SAVIDGE: But in the town of Juncos, Maria Flores is worried. It's why every day she, along with her daughter and grandchildren, come to town and filled plastic jugs at the community well.
"We're in desperate need of it," she says. "I live on the second floor and I carry the containers with water every day. It is exhausting."
As the number of confirmed and suspected cases of Leptospirosis have grown, the government is trying to keep public fear in check, describing the situation as neither an epidemic nor a confirmed outbreak. But they are treating it as a health emergency.
Puerto Ricans have endured a long list of sufferings in the aftermath of Maria.
SAVIDGE (voice-over): Now comes another potentially fatal threat lurking in the very water some of them relying on just to survive -- Martin Savidge, CNN.
HOWELL: Martin, thanks for the report.
Moving on to Somalia, that nation's capital came under attack again, just two weeks after the deadliest car bombings in the country's modern history. At least 19 people were killed on Saturday in Mogadishu. Two car bombs went off near the presidential palace and gunmen stormed a nearby hotel.
ALLEN: Officials say a former lawmaker and at least one police officer are among the dead. The terror group Al-Shabaab claims responsibility. Somalia is still mourning at least 277 people killed in those bombings two weeks ago.
HOWELL: This is the dilemma facing many parents whose sons and daughters join ISIS, first they lose their children to the terror group and then they are forced to turn on them when they reach out for help.
ALLEN: CNN's Melissa Bell sits down with the French mother whose son died while fighting for ISIS in Syria. She was sentenced to prison because she sent money to her son.
MELISSA BELL, CNN CORRESPONDENT (voice-over): A few photographs are all that Nathalie Haddadi has left.

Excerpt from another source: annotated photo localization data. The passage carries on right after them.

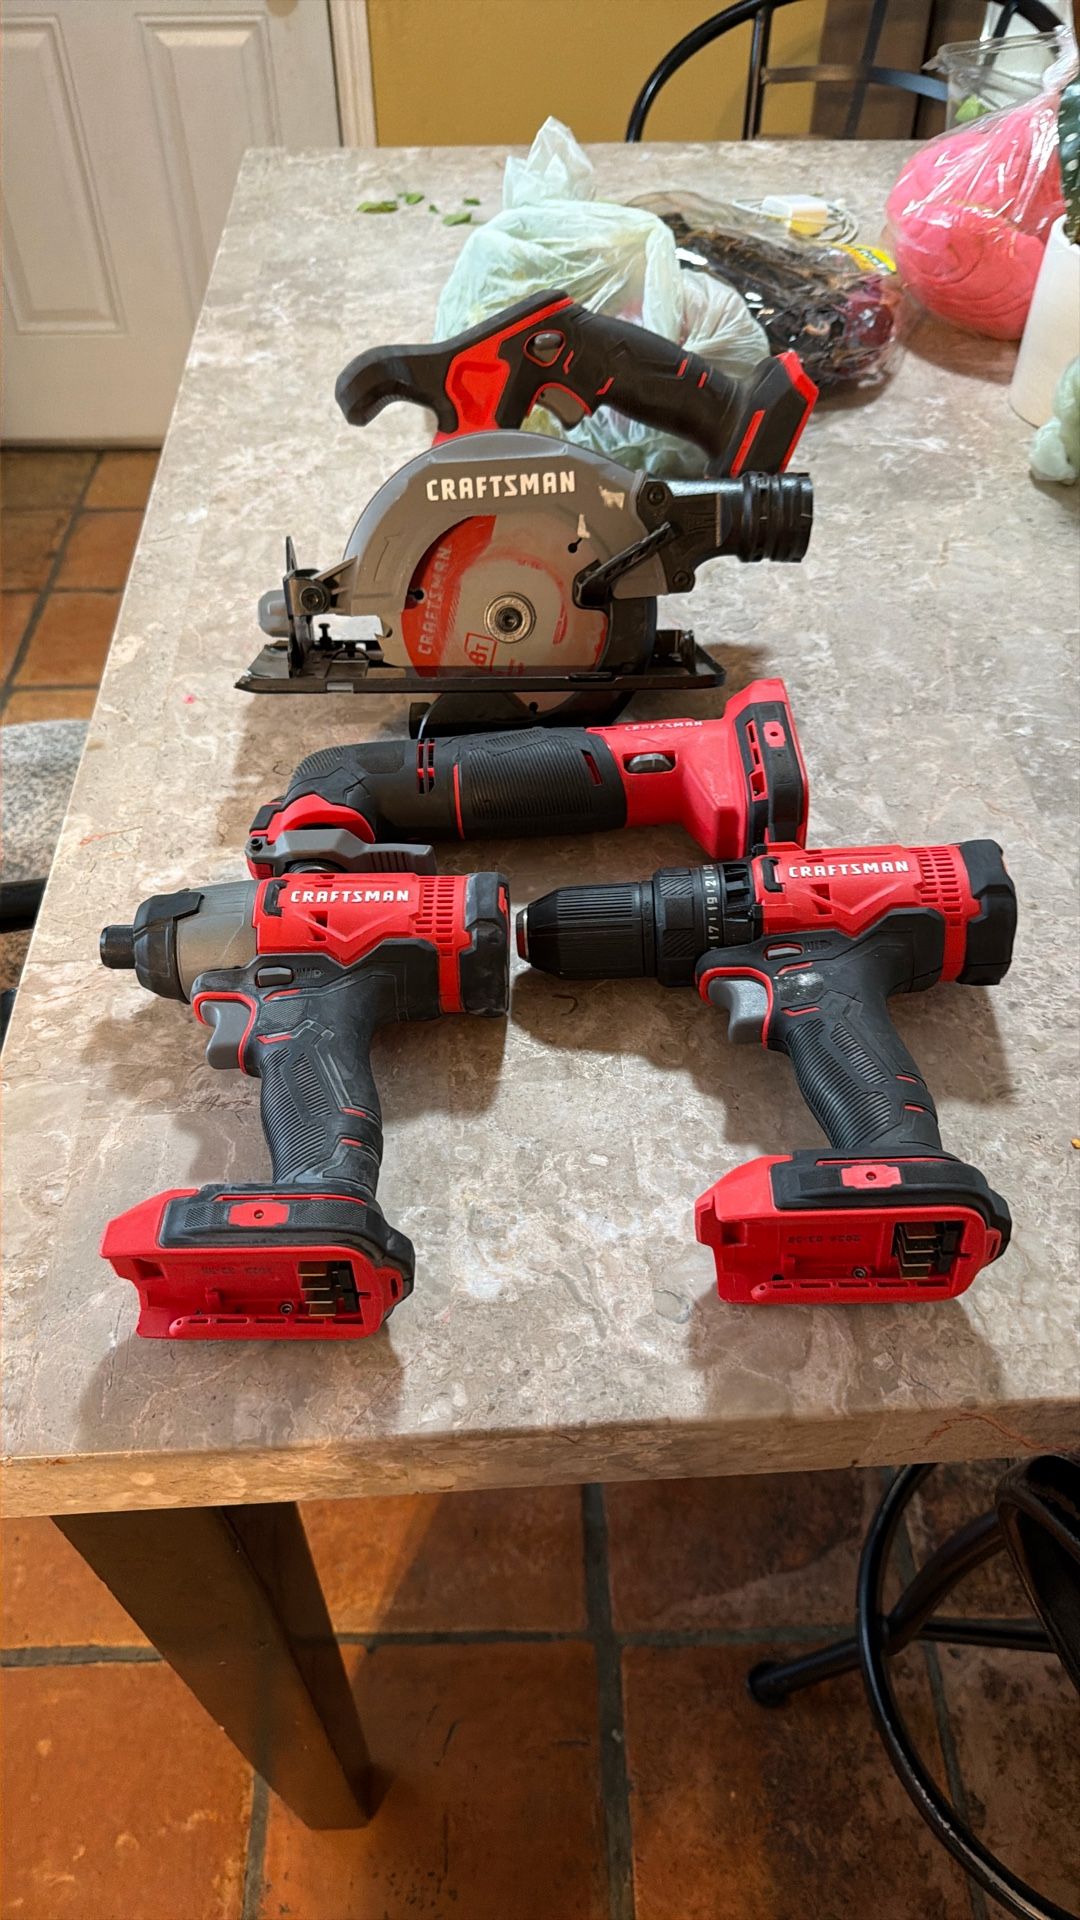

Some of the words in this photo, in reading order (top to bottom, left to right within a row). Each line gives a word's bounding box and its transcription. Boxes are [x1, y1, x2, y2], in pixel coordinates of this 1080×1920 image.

[426, 471, 575, 501] CRAFTSMAN
[417, 544, 453, 656] CRAFTSMAN
[624, 720, 704, 732] CRAFTSMAN
[788, 860, 909, 878] CRAFTSMAN
[290, 889, 410, 904] CRAFTSMAN
[706, 896, 719, 911] 19
[708, 925, 720, 940] 17

NATHALIE HADDADI, MOTHER OF ISIS JIHADIST: (Speaking French).
Nathalie Haddadi would never have believed that her son, Belabbas, whose innocent face stares back from the photos, would decide that his destiny was jihad. The first signs came after a trip to see his father in Algeria, then, with money sent to him by his mother, Nathalie, a holiday he claimed to be on in Malaysia.
A few months later, he called from the self-proclaimed caliphate of ISIS.
HADDADI: (Speaking French).
BELL (voice-over): Several weeks later, another phone call came, the one that every mother dreads.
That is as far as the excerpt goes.